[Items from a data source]
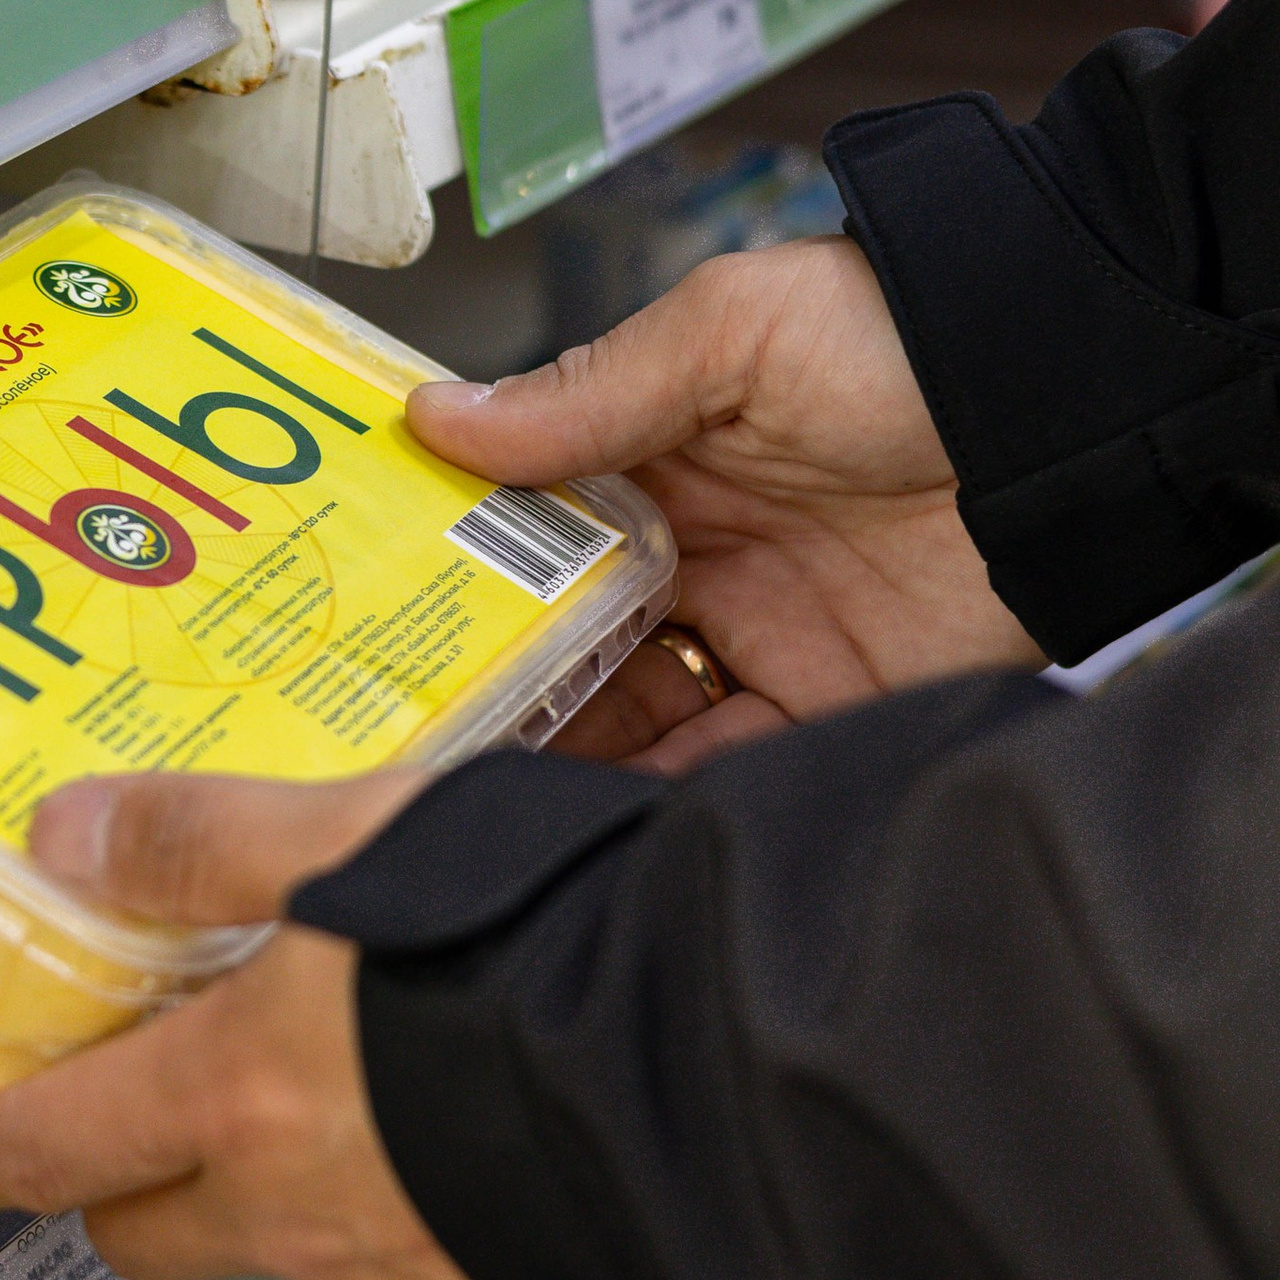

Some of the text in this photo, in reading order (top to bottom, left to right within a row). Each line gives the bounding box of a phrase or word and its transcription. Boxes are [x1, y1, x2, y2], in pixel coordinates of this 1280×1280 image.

[301, 515, 319, 528] 120
[314, 500, 340, 519] суток
[275, 553, 301, 572] суток
[418, 580, 441, 596] Саха
[432, 556, 470, 583] (Якутия),
[546, 564, 579, 594] 603736
[576, 537, 609, 565] 374092
[399, 623, 416, 634] ул.
[463, 569, 476, 578] 16
[388, 649, 409, 664] СПК
[414, 628, 459, 662] Таттинский
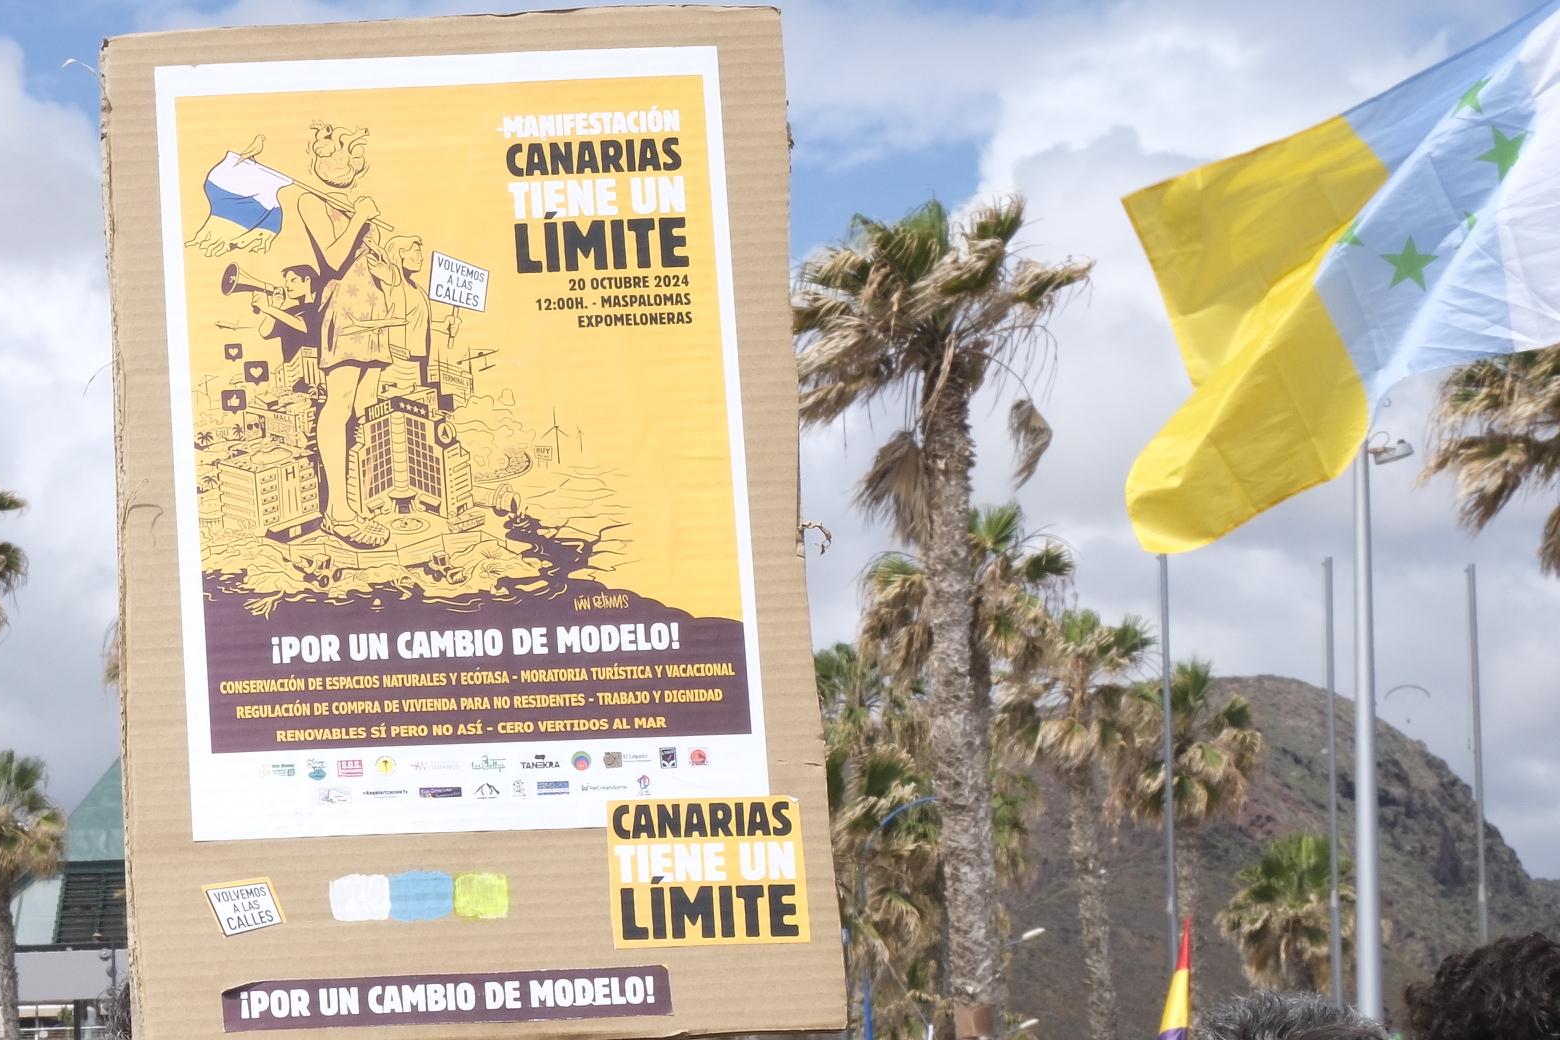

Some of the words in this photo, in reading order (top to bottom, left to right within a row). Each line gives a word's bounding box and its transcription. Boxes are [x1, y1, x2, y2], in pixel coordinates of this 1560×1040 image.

[502, 106, 680, 139] MANIFESTACIÓN
[506, 137, 682, 177] CANARIAS
[508, 178, 618, 219] TIENE
[630, 176, 686, 215] UN
[514, 211, 689, 273] LÍMITE
[438, 256, 485, 282] VOLVEMOS
[447, 274, 453, 285] A
[456, 277, 473, 290] LAS
[568, 278, 586, 291] 20
[590, 275, 649, 290] OCTUBRE
[654, 274, 690, 288] 2024
[436, 284, 479, 307] CALLES
[536, 297, 588, 311] 12:00H.
[601, 293, 691, 308] MASPALOMAS
[578, 311, 693, 328] EXPOMELONERAS
[368, 401, 393, 421] HOTEL
[271, 634, 341, 664] ¡POR
[348, 632, 389, 662] UN
[397, 628, 503, 660] CAMBIO
[512, 626, 547, 656] DE
[556, 622, 680, 655] MODELO!
[220, 675, 305, 695] CONSERVACIÓN
[308, 678, 323, 691] DE
[326, 675, 380, 690] ESPACIOS
[383, 672, 447, 688] NATURALES
[449, 673, 457, 686] Y
[520, 667, 588, 683] MORATORIA
[591, 663, 653, 680] TURÍSTICA
[655, 666, 663, 678] Y
[665, 663, 735, 678] VACACIONAL
[236, 700, 310, 719] REGULACIÓN
[313, 703, 329, 716] DE
[332, 701, 381, 715] COMPRA
[385, 700, 400, 713] DE
[402, 698, 458, 712] VIVIENDA
[460, 696, 490, 710] PARA
[493, 696, 511, 709] NO
[513, 693, 586, 708] RESIDENTES
[597, 690, 650, 705] TRABAJO
[653, 690, 661, 703] Y
[664, 688, 723, 703] DIGNIDAD
[276, 727, 367, 743] RENOVABLES
[370, 723, 387, 739] SÍ
[391, 724, 428, 738] PERO
[432, 723, 453, 736] NO
[457, 720, 483, 735] ASÍ
[497, 721, 534, 734] CERO
[538, 718, 609, 732] VERTIDOS
[612, 717, 630, 730] AL
[634, 716, 667, 729] MAR
[613, 800, 792, 840] CANARIAS
[614, 844, 730, 883] TIENE
[739, 841, 796, 881] UN
[213, 886, 267, 903] VOLVEMOS
[233, 903, 240, 913] A
[241, 900, 261, 912] LAS
[621, 876, 800, 941] LÍMITE
[226, 909, 274, 930] CALLES
[240, 987, 311, 1020] ¡POR
[319, 985, 360, 1016] UN
[367, 982, 477, 1014] CAMBIO
[485, 980, 522, 1010] DE
[530, 976, 655, 1009] MODELO!

DESCRIPTION OF THE TASK
Every record must be set down again exactly; pictures do not belong in the copy.

FINISHED EXERCISE
Some of the text in this photo, in reading order (top to bottom, left to right within a row). Each line gives the bounding box of a phrase or word and its transcription. Boxes are [x1, y1, x2, y2], in pixel coordinates of this 1280×1280 image.

[301, 515, 319, 528] 120
[314, 500, 340, 519] суток
[275, 553, 301, 572] суток
[418, 580, 441, 596] Саха
[432, 556, 470, 583] (Якутия),
[546, 564, 579, 594] 603736
[576, 537, 609, 565] 374092
[399, 623, 416, 634] ул.
[463, 569, 476, 578] 16
[388, 649, 409, 664] СПК
[414, 628, 459, 662] Таттинский

Some of the words in this photo, in reading order (top to bottom, left to right within a row). Each line gives a word's bounding box and its transcription. Boxes are [x1, y1, x2, y2], in pixel coordinates of this 1560×1040 image.

[502, 106, 680, 139] MANIFESTACIÓN
[506, 137, 682, 177] CANARIAS
[508, 178, 618, 219] TIENE
[630, 176, 686, 215] UN
[514, 211, 689, 273] LÍMITE
[438, 256, 485, 282] VOLVEMOS
[447, 274, 453, 285] A
[456, 277, 473, 290] LAS
[568, 278, 586, 291] 20
[590, 275, 649, 290] OCTUBRE
[654, 274, 690, 288] 2024
[436, 284, 479, 307] CALLES
[536, 297, 588, 311] 12:00H.
[601, 293, 691, 308] MASPALOMAS
[578, 311, 693, 328] EXPOMELONERAS
[368, 401, 393, 421] HOTEL
[271, 634, 341, 664] ¡POR
[348, 632, 389, 662] UN
[397, 628, 503, 660] CAMBIO
[512, 626, 547, 656] DE
[556, 622, 680, 655] MODELO!
[220, 675, 305, 695] CONSERVACIÓN
[308, 678, 323, 691] DE
[326, 675, 380, 690] ESPACIOS
[383, 672, 447, 688] NATURALES
[449, 673, 457, 686] Y
[520, 667, 588, 683] MORATORIA
[591, 663, 653, 680] TURÍSTICA
[655, 666, 663, 678] Y
[665, 663, 735, 678] VACACIONAL
[236, 700, 310, 719] REGULACIÓN
[313, 703, 329, 716] DE
[332, 701, 381, 715] COMPRA
[385, 700, 400, 713] DE
[402, 698, 458, 712] VIVIENDA
[460, 696, 490, 710] PARA
[493, 696, 511, 709] NO
[513, 693, 586, 708] RESIDENTES
[597, 690, 650, 705] TRABAJO
[653, 690, 661, 703] Y
[664, 688, 723, 703] DIGNIDAD
[276, 727, 367, 743] RENOVABLES
[370, 723, 387, 739] SÍ
[391, 724, 428, 738] PERO
[432, 723, 453, 736] NO
[457, 720, 483, 735] ASÍ
[497, 721, 534, 734] CERO
[538, 718, 609, 732] VERTIDOS
[612, 717, 630, 730] AL
[634, 716, 667, 729] MAR
[613, 800, 792, 840] CANARIAS
[614, 844, 730, 883] TIENE
[739, 841, 796, 881] UN
[213, 886, 267, 903] VOLVEMOS
[233, 903, 240, 913] A
[241, 900, 261, 912] LAS
[621, 876, 800, 941] LÍMITE
[226, 909, 274, 930] CALLES
[240, 987, 311, 1020] ¡POR
[319, 985, 360, 1016] UN
[367, 982, 477, 1014] CAMBIO
[485, 980, 522, 1010] DE
[530, 976, 655, 1009] MODELO!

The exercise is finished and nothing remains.